Entries supplied:

--- --- ---

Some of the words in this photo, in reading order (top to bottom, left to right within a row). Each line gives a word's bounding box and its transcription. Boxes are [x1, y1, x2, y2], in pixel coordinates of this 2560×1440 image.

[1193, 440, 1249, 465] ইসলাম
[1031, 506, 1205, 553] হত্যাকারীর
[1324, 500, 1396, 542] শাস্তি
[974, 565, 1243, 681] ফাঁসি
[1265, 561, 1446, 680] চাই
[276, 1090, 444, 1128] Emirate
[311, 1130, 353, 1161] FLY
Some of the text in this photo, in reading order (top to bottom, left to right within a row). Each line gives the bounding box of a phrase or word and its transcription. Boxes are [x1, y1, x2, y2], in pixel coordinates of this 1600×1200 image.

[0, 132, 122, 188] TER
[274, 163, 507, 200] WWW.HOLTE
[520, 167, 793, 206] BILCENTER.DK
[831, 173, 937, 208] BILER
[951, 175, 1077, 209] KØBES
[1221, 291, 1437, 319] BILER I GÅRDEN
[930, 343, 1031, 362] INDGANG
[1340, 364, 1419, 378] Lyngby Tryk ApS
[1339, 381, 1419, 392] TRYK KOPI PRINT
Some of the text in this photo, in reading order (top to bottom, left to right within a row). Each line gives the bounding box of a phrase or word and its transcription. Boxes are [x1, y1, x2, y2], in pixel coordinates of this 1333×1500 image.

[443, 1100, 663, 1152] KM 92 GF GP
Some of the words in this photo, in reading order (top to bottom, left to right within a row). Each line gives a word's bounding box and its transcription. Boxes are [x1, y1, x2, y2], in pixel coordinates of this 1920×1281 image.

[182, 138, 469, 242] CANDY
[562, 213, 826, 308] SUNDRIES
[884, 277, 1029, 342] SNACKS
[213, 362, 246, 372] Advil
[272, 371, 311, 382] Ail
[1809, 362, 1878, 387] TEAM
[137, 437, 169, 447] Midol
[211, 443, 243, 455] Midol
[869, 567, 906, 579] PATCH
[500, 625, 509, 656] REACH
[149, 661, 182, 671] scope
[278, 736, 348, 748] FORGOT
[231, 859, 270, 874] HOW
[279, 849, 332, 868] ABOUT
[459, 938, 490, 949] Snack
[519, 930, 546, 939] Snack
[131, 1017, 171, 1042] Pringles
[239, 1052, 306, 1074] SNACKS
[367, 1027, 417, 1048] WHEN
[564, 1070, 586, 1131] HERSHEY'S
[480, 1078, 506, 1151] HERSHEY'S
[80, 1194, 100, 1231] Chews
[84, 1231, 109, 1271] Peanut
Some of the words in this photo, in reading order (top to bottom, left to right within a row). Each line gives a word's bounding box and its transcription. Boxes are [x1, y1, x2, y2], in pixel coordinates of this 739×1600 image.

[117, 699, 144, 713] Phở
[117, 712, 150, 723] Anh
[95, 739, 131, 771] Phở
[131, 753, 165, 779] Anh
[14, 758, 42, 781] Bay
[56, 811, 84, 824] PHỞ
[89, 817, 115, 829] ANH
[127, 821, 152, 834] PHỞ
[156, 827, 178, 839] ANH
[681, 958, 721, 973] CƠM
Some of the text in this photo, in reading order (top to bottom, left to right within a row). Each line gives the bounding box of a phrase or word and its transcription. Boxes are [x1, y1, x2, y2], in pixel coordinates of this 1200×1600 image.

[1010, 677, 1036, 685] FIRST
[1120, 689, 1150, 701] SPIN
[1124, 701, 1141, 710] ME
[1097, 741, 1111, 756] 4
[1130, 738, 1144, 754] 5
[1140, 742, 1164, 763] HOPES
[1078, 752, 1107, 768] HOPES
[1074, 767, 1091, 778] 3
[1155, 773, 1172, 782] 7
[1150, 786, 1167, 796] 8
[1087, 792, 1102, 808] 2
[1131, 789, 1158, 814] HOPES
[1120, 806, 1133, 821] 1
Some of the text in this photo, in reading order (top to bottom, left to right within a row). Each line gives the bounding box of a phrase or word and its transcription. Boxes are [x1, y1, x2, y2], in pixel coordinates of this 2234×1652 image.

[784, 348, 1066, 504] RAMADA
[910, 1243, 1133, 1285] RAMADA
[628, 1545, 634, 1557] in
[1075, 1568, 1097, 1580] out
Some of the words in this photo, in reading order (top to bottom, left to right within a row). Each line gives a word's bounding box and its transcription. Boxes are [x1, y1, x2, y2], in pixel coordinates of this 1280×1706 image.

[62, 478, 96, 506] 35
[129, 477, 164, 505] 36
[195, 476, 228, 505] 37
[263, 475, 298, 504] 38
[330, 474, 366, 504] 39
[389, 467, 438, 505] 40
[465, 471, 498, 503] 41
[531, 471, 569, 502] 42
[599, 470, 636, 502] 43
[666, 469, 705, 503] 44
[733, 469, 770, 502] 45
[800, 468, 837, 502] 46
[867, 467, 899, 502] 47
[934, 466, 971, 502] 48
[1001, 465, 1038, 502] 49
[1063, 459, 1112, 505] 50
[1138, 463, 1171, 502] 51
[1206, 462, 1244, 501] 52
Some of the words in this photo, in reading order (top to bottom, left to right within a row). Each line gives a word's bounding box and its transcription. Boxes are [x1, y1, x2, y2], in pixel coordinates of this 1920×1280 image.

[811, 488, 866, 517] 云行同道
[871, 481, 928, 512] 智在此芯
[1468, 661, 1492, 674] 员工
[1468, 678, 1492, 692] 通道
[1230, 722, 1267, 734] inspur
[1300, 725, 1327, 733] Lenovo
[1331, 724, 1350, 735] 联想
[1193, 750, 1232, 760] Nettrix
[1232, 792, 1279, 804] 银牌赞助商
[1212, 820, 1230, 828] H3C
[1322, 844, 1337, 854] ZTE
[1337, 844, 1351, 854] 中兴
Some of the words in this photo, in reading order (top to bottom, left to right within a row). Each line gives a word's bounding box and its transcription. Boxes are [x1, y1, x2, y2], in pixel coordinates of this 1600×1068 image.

--- --- ---

Output each line of the records above exactly.

Some of the words in this photo, in reading order (top to bottom, left to right within a row). Each line gives a word's bounding box and its transcription. Boxes are [x1, y1, x2, y2], in pixel coordinates of this 2560×1440 image.

[1193, 440, 1249, 465] ইসলাম
[1031, 506, 1205, 553] হত্যাকারীর
[1324, 500, 1396, 542] শাস্তি
[974, 565, 1243, 681] ফাঁসি
[1265, 561, 1446, 680] চাই
[276, 1090, 444, 1128] Emirate
[311, 1130, 353, 1161] FLY
Some of the text in this photo, in reading order (top to bottom, left to right within a row). Each line gives the bounding box of a phrase or word and its transcription. Boxes are [x1, y1, x2, y2], in pixel coordinates of this 1600×1200 image.

[0, 132, 122, 188] TER
[274, 163, 507, 200] WWW.HOLTE
[520, 167, 793, 206] BILCENTER.DK
[831, 173, 937, 208] BILER
[951, 175, 1077, 209] KØBES
[1221, 291, 1437, 319] BILER I GÅRDEN
[930, 343, 1031, 362] INDGANG
[1340, 364, 1419, 378] Lyngby Tryk ApS
[1339, 381, 1419, 392] TRYK KOPI PRINT
Some of the text in this photo, in reading order (top to bottom, left to right within a row). Each line gives the bounding box of a phrase or word and its transcription. Boxes are [x1, y1, x2, y2], in pixel coordinates of this 1333×1500 image.

[443, 1100, 663, 1152] KM 92 GF GP
Some of the words in this photo, in reading order (top to bottom, left to right within a row). Each line gives a word's bounding box and its transcription. Boxes are [x1, y1, x2, y2], in pixel coordinates of this 1920×1281 image.

[182, 138, 469, 242] CANDY
[562, 213, 826, 308] SUNDRIES
[884, 277, 1029, 342] SNACKS
[213, 362, 246, 372] Advil
[272, 371, 311, 382] Ail
[1809, 362, 1878, 387] TEAM
[137, 437, 169, 447] Midol
[211, 443, 243, 455] Midol
[869, 567, 906, 579] PATCH
[500, 625, 509, 656] REACH
[149, 661, 182, 671] scope
[278, 736, 348, 748] FORGOT
[231, 859, 270, 874] HOW
[279, 849, 332, 868] ABOUT
[459, 938, 490, 949] Snack
[519, 930, 546, 939] Snack
[131, 1017, 171, 1042] Pringles
[239, 1052, 306, 1074] SNACKS
[367, 1027, 417, 1048] WHEN
[564, 1070, 586, 1131] HERSHEY'S
[480, 1078, 506, 1151] HERSHEY'S
[80, 1194, 100, 1231] Chews
[84, 1231, 109, 1271] Peanut
Some of the words in this photo, in reading order (top to bottom, left to right within a row). Each line gives a word's bounding box and its transcription. Boxes are [x1, y1, x2, y2], in pixel coordinates of this 739×1600 image.

[117, 699, 144, 713] Phở
[117, 712, 150, 723] Anh
[95, 739, 131, 771] Phở
[131, 753, 165, 779] Anh
[14, 758, 42, 781] Bay
[56, 811, 84, 824] PHỞ
[89, 817, 115, 829] ANH
[127, 821, 152, 834] PHỞ
[156, 827, 178, 839] ANH
[681, 958, 721, 973] CƠM
Some of the text in this photo, in reading order (top to bottom, left to right within a row). Each line gives the bounding box of a phrase or word and its transcription. Boxes are [x1, y1, x2, y2], in pixel coordinates of this 1200×1600 image.

[1010, 677, 1036, 685] FIRST
[1120, 689, 1150, 701] SPIN
[1124, 701, 1141, 710] ME
[1097, 741, 1111, 756] 4
[1130, 738, 1144, 754] 5
[1140, 742, 1164, 763] HOPES
[1078, 752, 1107, 768] HOPES
[1074, 767, 1091, 778] 3
[1155, 773, 1172, 782] 7
[1150, 786, 1167, 796] 8
[1087, 792, 1102, 808] 2
[1131, 789, 1158, 814] HOPES
[1120, 806, 1133, 821] 1
Some of the text in this photo, in reading order (top to bottom, left to right within a row). Each line gives the bounding box of a phrase or word and its transcription. Boxes are [x1, y1, x2, y2], in pixel coordinates of this 2234×1652 image.

[784, 348, 1066, 504] RAMADA
[910, 1243, 1133, 1285] RAMADA
[628, 1545, 634, 1557] in
[1075, 1568, 1097, 1580] out
Some of the words in this photo, in reading order (top to bottom, left to right within a row). Each line gives a word's bounding box and its transcription. Boxes are [x1, y1, x2, y2], in pixel coordinates of this 1280×1706 image.

[62, 478, 96, 506] 35
[129, 477, 164, 505] 36
[195, 476, 228, 505] 37
[263, 475, 298, 504] 38
[330, 474, 366, 504] 39
[389, 467, 438, 505] 40
[465, 471, 498, 503] 41
[531, 471, 569, 502] 42
[599, 470, 636, 502] 43
[666, 469, 705, 503] 44
[733, 469, 770, 502] 45
[800, 468, 837, 502] 46
[867, 467, 899, 502] 47
[934, 466, 971, 502] 48
[1001, 465, 1038, 502] 49
[1063, 459, 1112, 505] 50
[1138, 463, 1171, 502] 51
[1206, 462, 1244, 501] 52
Some of the words in this photo, in reading order (top to bottom, left to right within a row). Each line gives a word's bounding box and its transcription. Boxes are [x1, y1, x2, y2], in pixel coordinates of this 1920×1280 image.

[811, 488, 866, 517] 云行同道
[871, 481, 928, 512] 智在此芯
[1468, 661, 1492, 674] 员工
[1468, 678, 1492, 692] 通道
[1230, 722, 1267, 734] inspur
[1300, 725, 1327, 733] Lenovo
[1331, 724, 1350, 735] 联想
[1193, 750, 1232, 760] Nettrix
[1232, 792, 1279, 804] 银牌赞助商
[1212, 820, 1230, 828] H3C
[1322, 844, 1337, 854] ZTE
[1337, 844, 1351, 854] 中兴
Some of the words in this photo, in reading order (top to bottom, left to right within a row). Each line gives a word's bounding box and its transcription. Boxes are [x1, y1, x2, y2], in pixel coordinates of this 1600×1068 image.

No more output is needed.